While the Emmer’s account is without fees, there are plenty of other banks that sock it to consumers, nickeling and diming them at every turn.

For the past 10 years, fees have trended higher, according to Bankrate.com’s annual survey of banking fees, and senior financial analyst Greg McBride expects to see similar upward trends for the next 10 years.

“The fees are completely avoidable, and in tough economic times, avoiding fees is really the low-hanging fruit when it comes to getting the most out of your finances,” he said.

Here are some ways you can lower your banking costs.

  • Monitor your account online: You can know your balance any time of the day or night and you’ll see if deposits or checks have cleared.
  • Avoid bounced-check fees: Link your checking account to your savings account. If there’s not enough in your checking account to pay a check that comes in, funds will be transferred from savings to checking to cover the difference. “It’s a low-cost line of defense in the event you slip up,” McBride said.
  • Reduce ATM fees: Use only your bank’s ATMs so you won’t be charged a fee. Carry the cash you need, or if you’re traveling, check your bank’s website for local ATMs so you can avoid other ATMs, which probably charge fees. (The Bankrate.com survey found fees averaged $2.91 a pop.) Or use your debit card (for a PIN transaction) and get cash back. Paying an occasional ATM fee won’t bankrupt you, but a $2 ATM twice a week for a year costs $208 annually to access your own money.

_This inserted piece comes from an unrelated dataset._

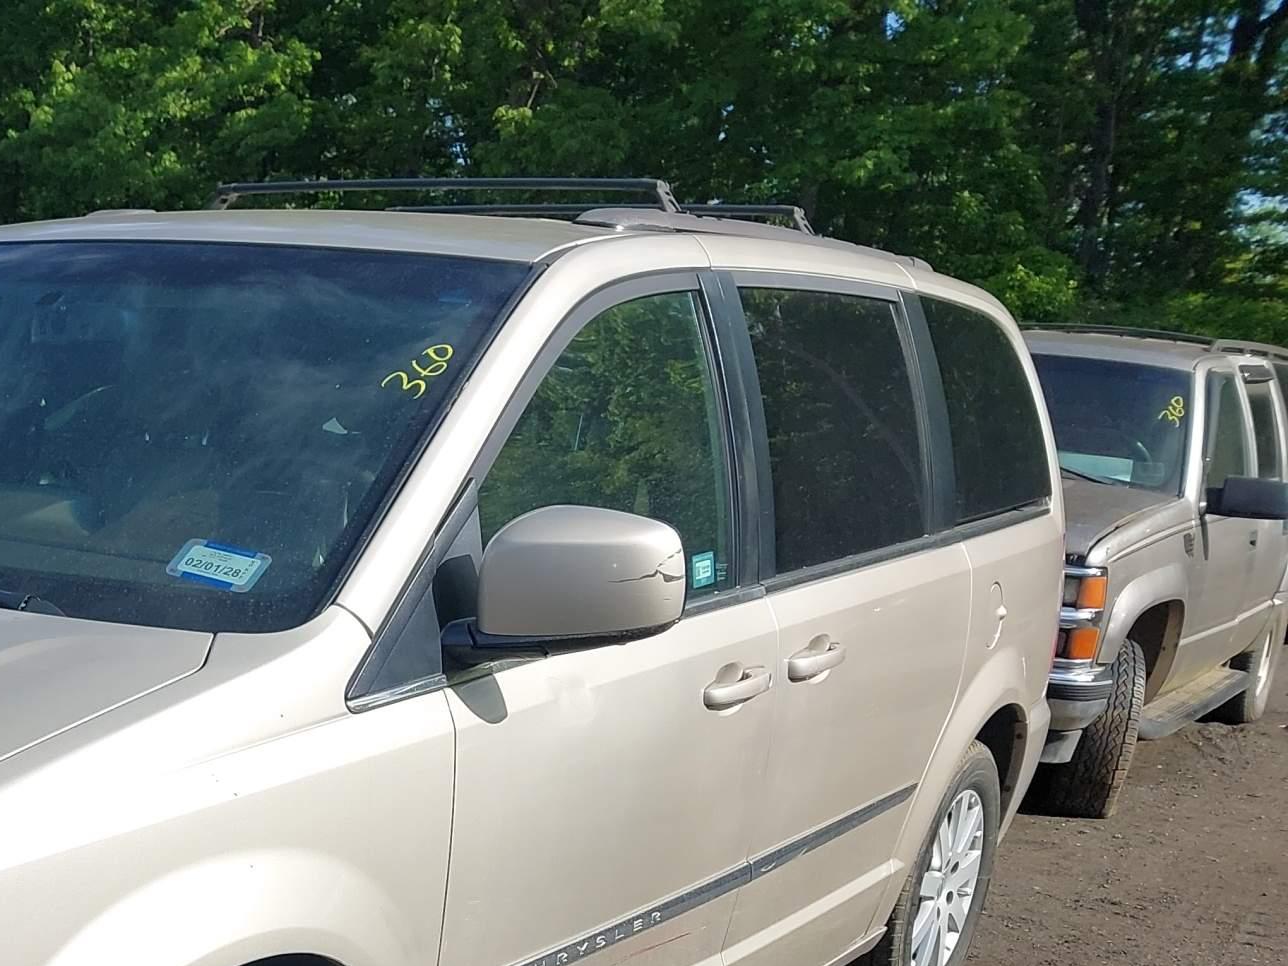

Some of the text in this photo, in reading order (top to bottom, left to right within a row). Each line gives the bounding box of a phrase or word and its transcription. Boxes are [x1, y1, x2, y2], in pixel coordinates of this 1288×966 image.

[380, 344, 454, 400] 360
[1157, 395, 1185, 428] 360
[184, 557, 243, 579] 02/01/28

If you have a fee-heavy bank account, you may find your bank offers a no-fee version. Or shop around.

“People spend six hours a day on Facebook but they don’t spend 10 minutes to look at their account,” McBride said.

CHECK THOSE RETURN POLICIES

A reader thought she was Bamboozled when she used a debit card to purchase a prom dress for her daughter. The dress didn’t fit, so she returned it the next day. The clerk said it would take up to 14 days for the reader’s checking account to be credited with the return.

“I would like to take my daughter to purchase another dress and I do not have the money,” she wrote. “Is this fair to the consumer that paid cash for a dress to wait 14 days for their money?”

It may not seem fair, but the store wasn’t wrong because the reader used her debit card like a credit card.

Some debit card purchases require a PIN number at the point-of-sale, and those purchases are treated like cash. Other debit purchases are treated like credit card transactions and you sign for the purchase. These are called signature debits. The two types of transactions are cleared through different networks, so returns are processed differently.

Refunds on signature debits aren’t processed as quickly as PIN debits. If this reader used a PIN, the money probably would have been back in her account in 24 hours, according to the American Bankers Association.

Still, a PIN transaction isn’t always the way to go. Purchases made via signature debit may offer more protections than PIN debits, so ask your card issuer about your card. The next time a clerk asks “debit or credit?” you’ll be able to make an educated choice.

The lesson: Always read the return policy before you make a purchase.